What is a Myomectomy?
Myomectomy is a surgical procedure to remove symptom-causing uterine fibroids and reconstruct the uterus. Unlike a hysterectomy that removes you entire uterus, Myomectomy removes only the fibroids and leaves the uterus intact. The procedure may be recommended if your doctor suspects uterine fibroids are interfering with your fertility. This is especially important if your plan on becoming pregnant in the future. Women who undergo Myomectomy experience decrease pelvic pain, menstrual bleeding and pelvic pressure from fibroids. It’s important to note that even after the procedure new fibroids can develop.
Myomectomy Potential Risks and Complications
Myomectomy has a low complication rate; however, risks include:
Excessive blood loss
Since many women with fibroids already have a low blood count due to heavy menstrual bleeding, they are at a higher risk of problems due to blood loss. Prior to surgery your doctor will suggest ways to build up your blood supply.
Myomectomy incisions into the uterus can lead to adhesions, bands of scar tissue that may develop after surgery. It’s been found that laparoscopic myomectomy may cause fewer adhesions.
Pregnancy or childbirth complications
A myomectomy can increase certain risks during pregnancy and childbirth. If your doctor had to make a deep incision in your uterine wall during the procedure, a cesarean delivery (C-section) may be recommend.
What to Expect
What to Expect During a Myomectomy
Depending on the size, number and location of your fibroids, your St. John’s Physician Partners gynecologist may recommend one of three surgical approaches to myomectomy:
With this traditional procedure, your doctor may open and abdominal incision to access your uterus and remove the fibroids.
Laparoscopic and robotic myomectomy
This minimally invasive surgical technique allows the doctor to access and remove fibroids through several small incisions in your abdominal wall. In robotic myomectomy, your doctor inserts instruments through small incisions similar to laparoscopic myomectomy and then controls the instruments from a separate console. In many cases, your doctor may perform a single-port or one incision procedure.
When smaller fibroids bulge significantly into the uterus, your doctor may remove the fibroids using instruments inserted through your vagina and cervix.

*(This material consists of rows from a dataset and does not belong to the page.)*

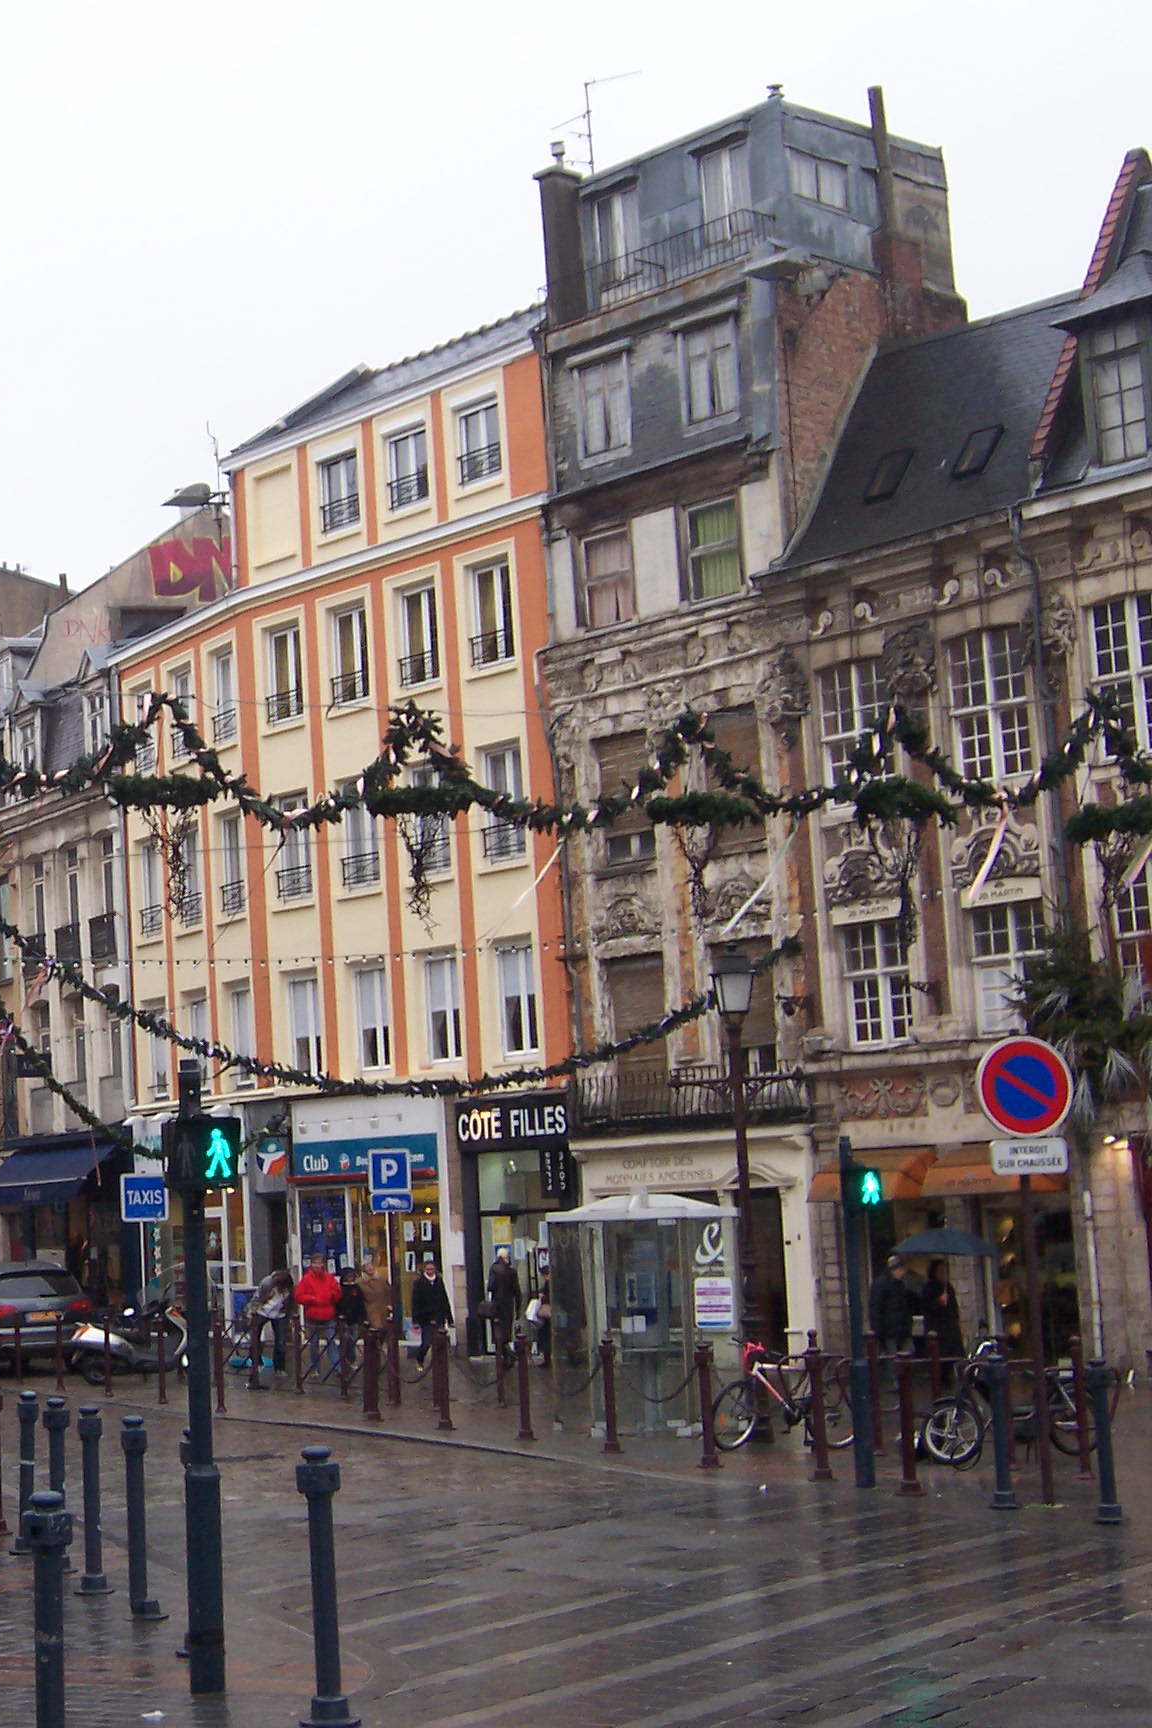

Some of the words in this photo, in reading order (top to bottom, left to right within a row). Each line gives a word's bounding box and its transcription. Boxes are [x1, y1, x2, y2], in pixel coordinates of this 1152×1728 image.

[990, 887, 1024, 898] MARTIN
[509, 1105, 567, 1138] FILLES
[1009, 1145, 1048, 1155] INTERDIT
[303, 1153, 329, 1172] Club
[622, 1157, 671, 1169] COMPTOIR
[674, 1155, 693, 1166] DES
[998, 1159, 1016, 1168] SUR
[380, 1158, 398, 1184] P
[605, 1172, 655, 1184] MONNAIES
[658, 1170, 714, 1182] ANCIENNES
[126, 1190, 163, 1205] TAXIS
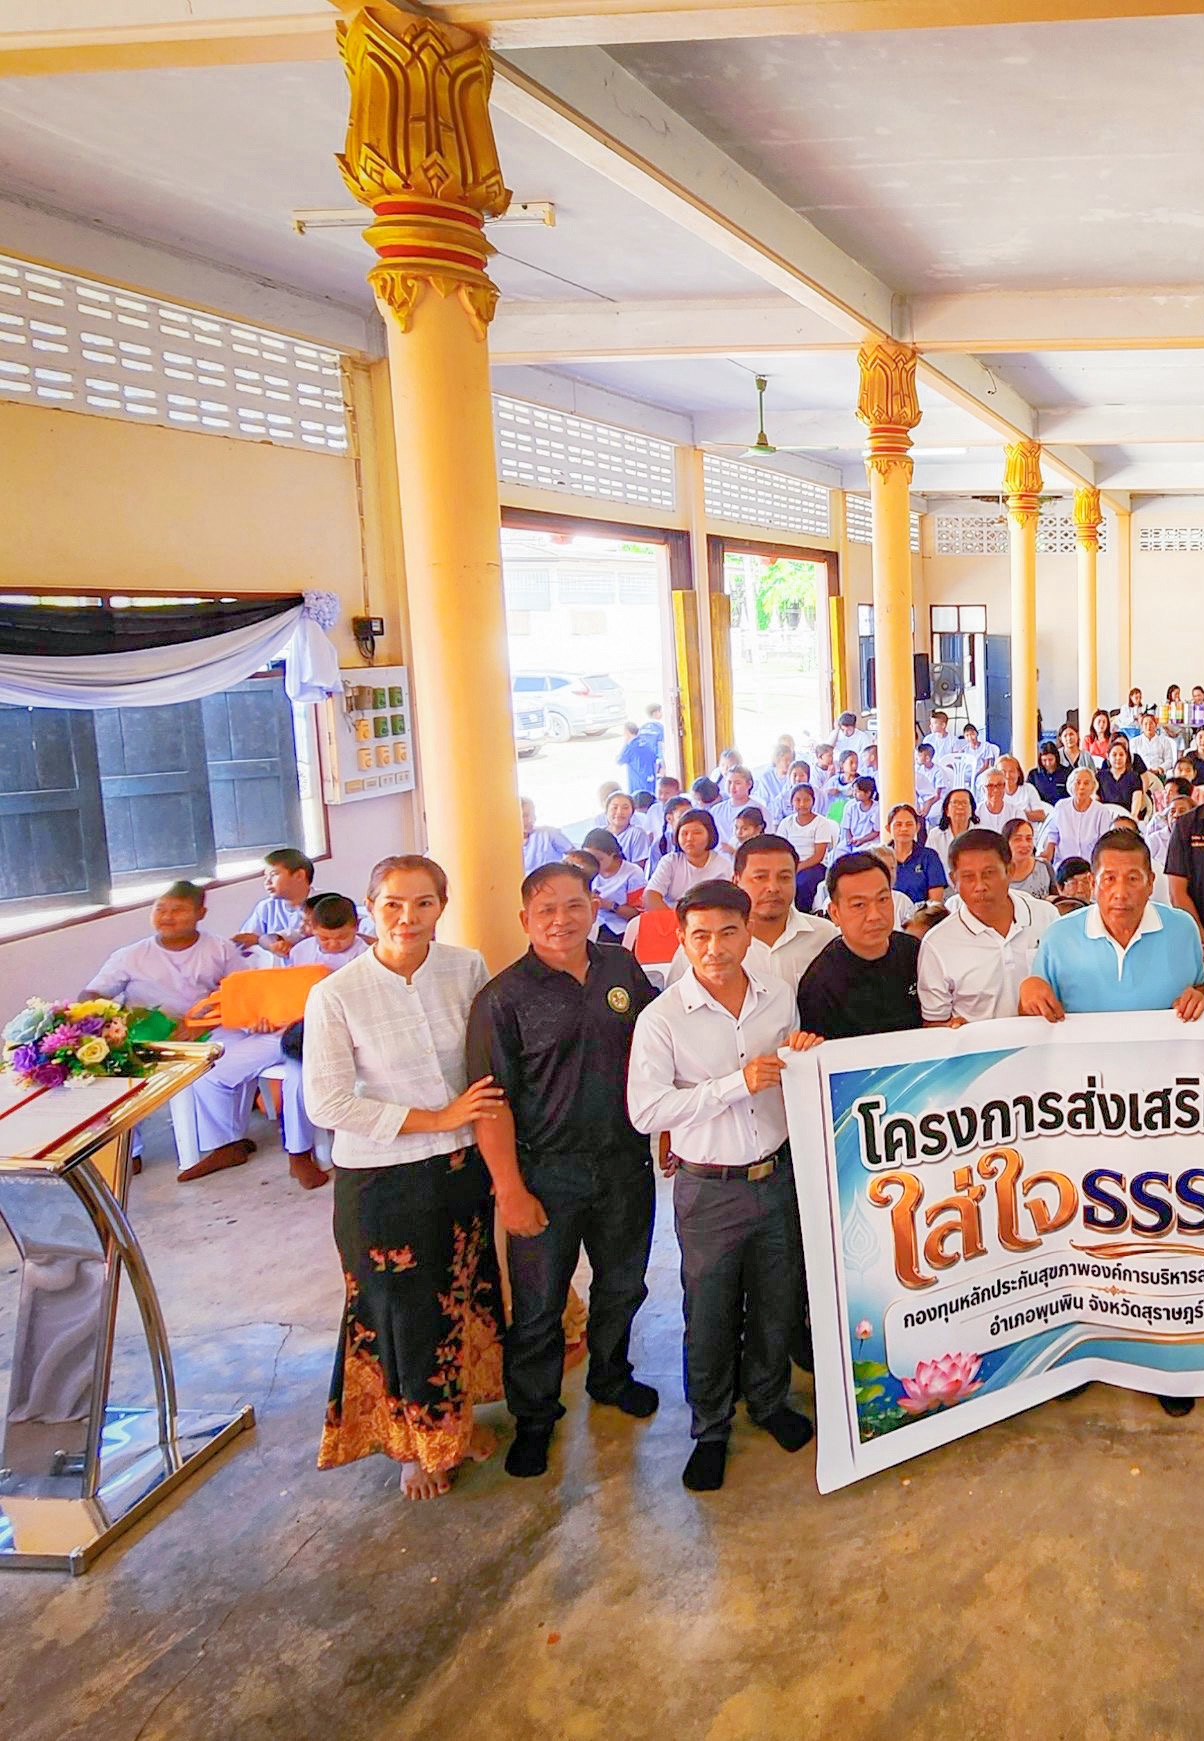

At St. John’s Physician Partners, our doctors prefer state-of-art laparoscopic or robotic myomectomy for women who are candidates for the surgery because the benefits include:
- Less post-operative pain and scarring
- Less blood loss
- Lower risk of infection
- Shorter hospital stay
- Faster recovery and return to normal activity
Regardless of the myomectomy procedure your doctor recommends, you will receive specific instructions on how to prepare, what to expect and post-operative instructions. Be sure to ask your doctors any questions or concerns you may have.